Supplied records -
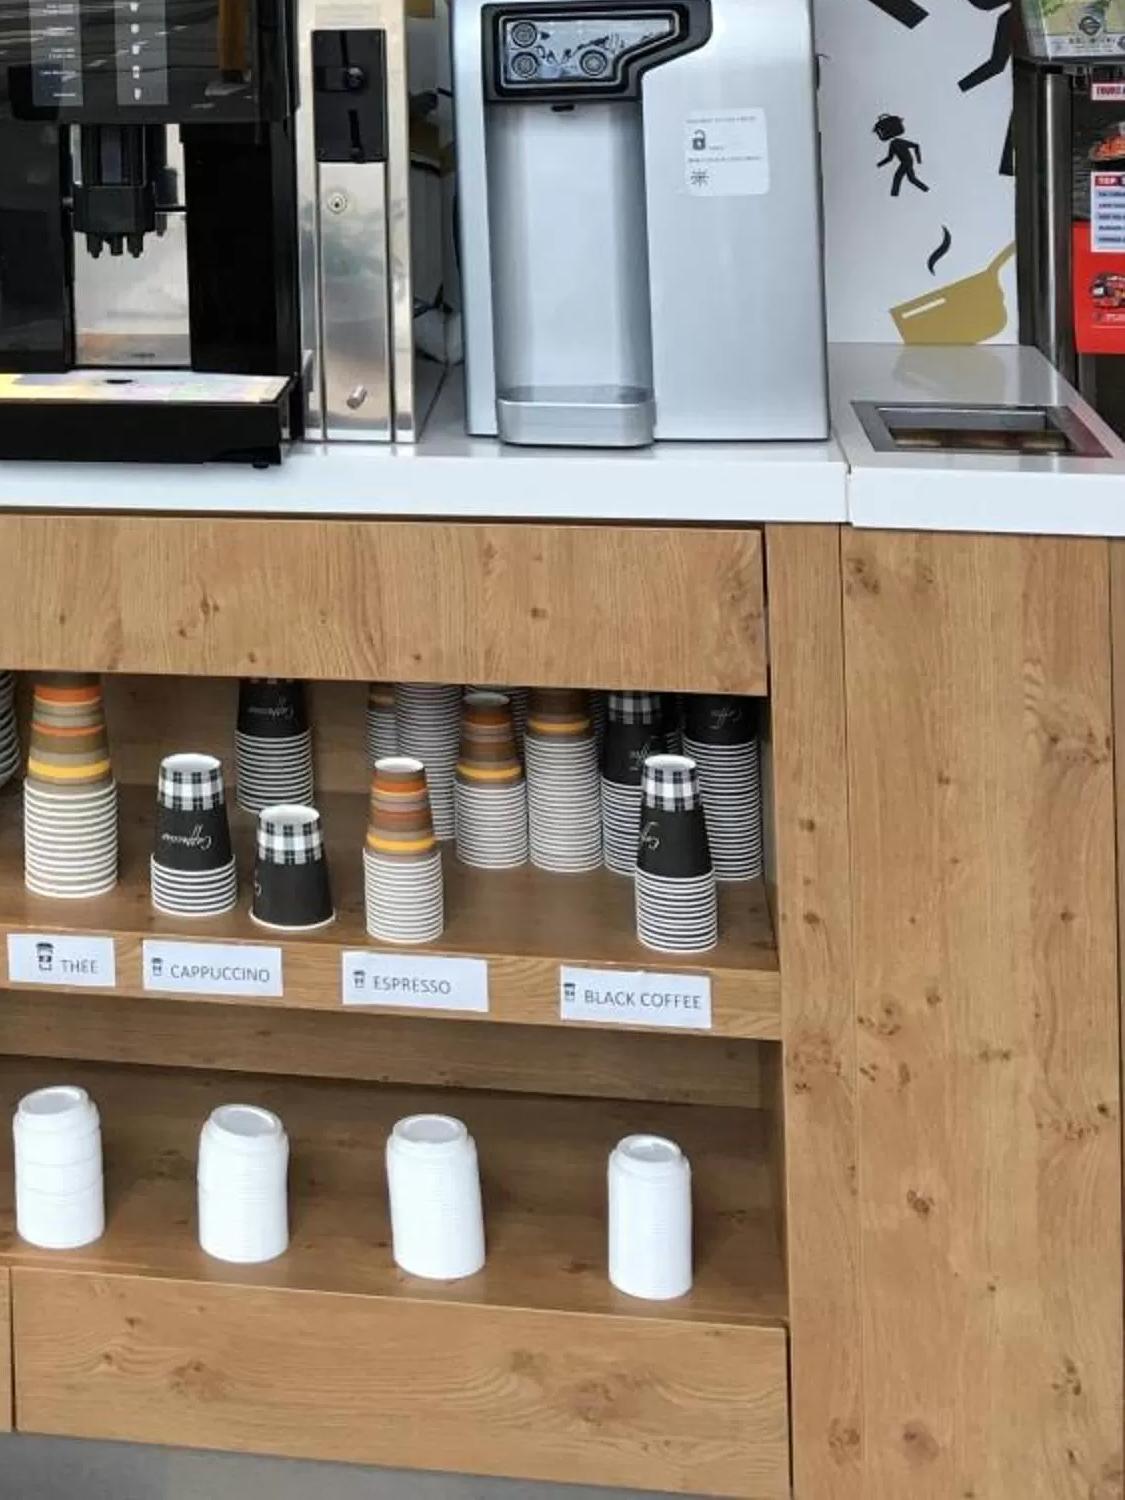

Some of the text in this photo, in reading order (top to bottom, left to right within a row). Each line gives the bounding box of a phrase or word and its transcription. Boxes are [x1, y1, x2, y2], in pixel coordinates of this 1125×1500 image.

[60, 959, 100, 974] THEE
[170, 964, 271, 983] CAPPUCCINO
[373, 975, 452, 996] ESPRESSO
[583, 989, 702, 1010] BLACK COFFEE
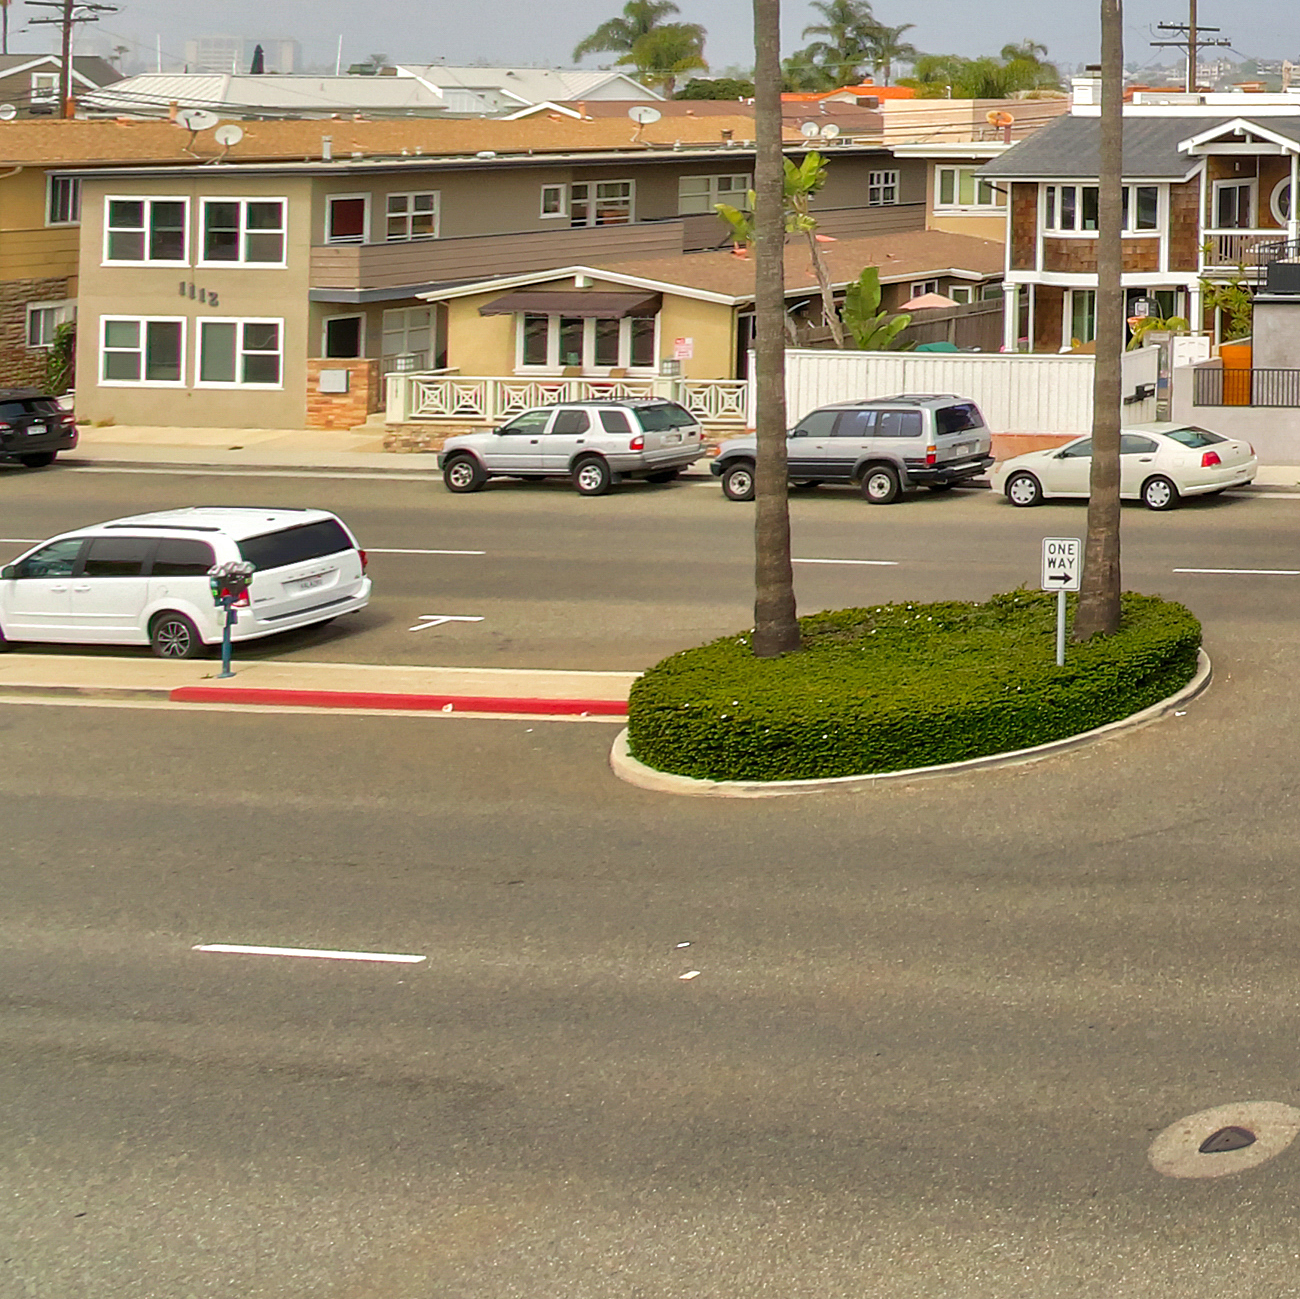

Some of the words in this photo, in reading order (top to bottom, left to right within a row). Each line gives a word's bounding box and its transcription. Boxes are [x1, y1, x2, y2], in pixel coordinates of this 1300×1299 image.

[179, 281, 219, 307] 1112
[1048, 543, 1075, 555] ONE
[1047, 557, 1075, 569] WAY
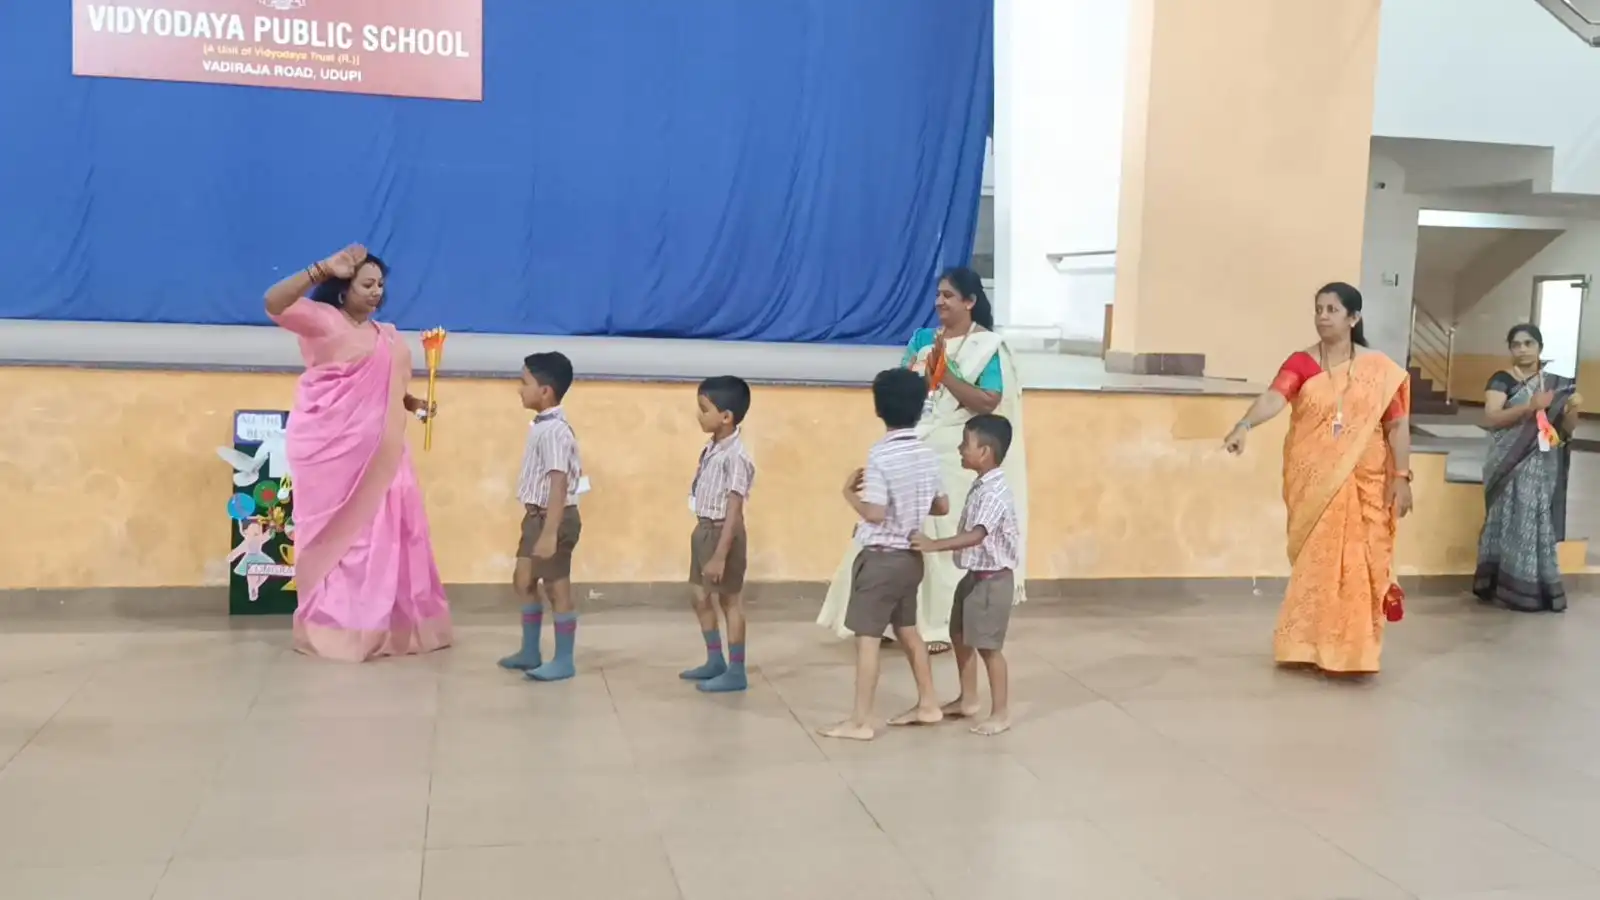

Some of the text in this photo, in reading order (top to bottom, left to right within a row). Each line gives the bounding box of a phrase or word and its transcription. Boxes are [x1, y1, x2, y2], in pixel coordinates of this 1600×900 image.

[87, 4, 469, 57] VIDYODAYA PUBLIC SCHOOL
[202, 60, 362, 82] VADIRAJA ROAD, UDUPI
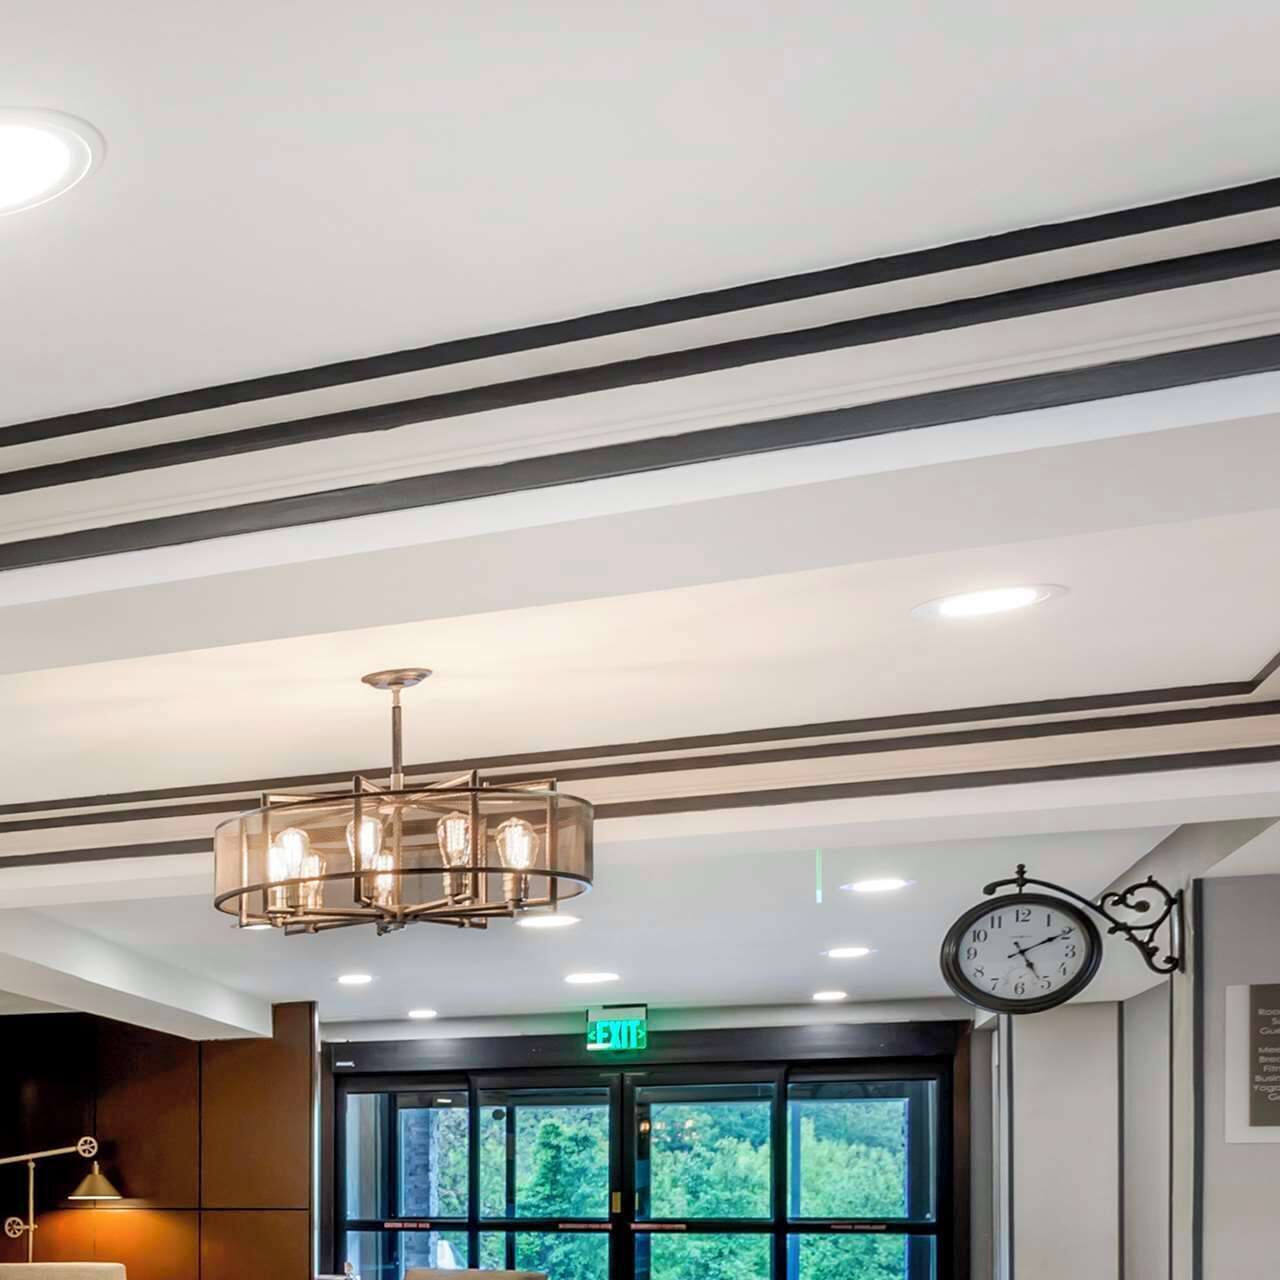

Task description - Leave out the pictures and output every record above precisely as given.

Exercise output -
Some of the text in this photo, in reading order (top to bottom, left to right within a row). Each line gives the bounding box of a phrase or word and its transcription. Boxes are [x1, y1, x2, y2], in pixel coordinates of this 1125×1500 image.

[60, 959, 100, 974] THEE
[170, 964, 271, 983] CAPPUCCINO
[373, 975, 452, 996] ESPRESSO
[583, 989, 702, 1010] BLACK COFFEE

Some of the words in this photo, in reading order (top to bottom, left to right within a row). Each line gives a word's bounding box and its transcription. Boxes are [x1, y1, x2, y2], in pixel coordinates of this 1300×1299 image.

[179, 281, 219, 307] 1112
[1048, 543, 1075, 555] ONE
[1047, 557, 1075, 569] WAY

Some of the text in this photo, in reading order (top to bottom, left to right within a row). Each line gives the bounding box of a phrase or word and its transcription. Boxes are [x1, y1, x2, y2], in pixel coordinates of this 1600×900 image.

[87, 4, 469, 57] VIDYODAYA PUBLIC SCHOOL
[202, 60, 362, 82] VADIRAJA ROAD, UDUPI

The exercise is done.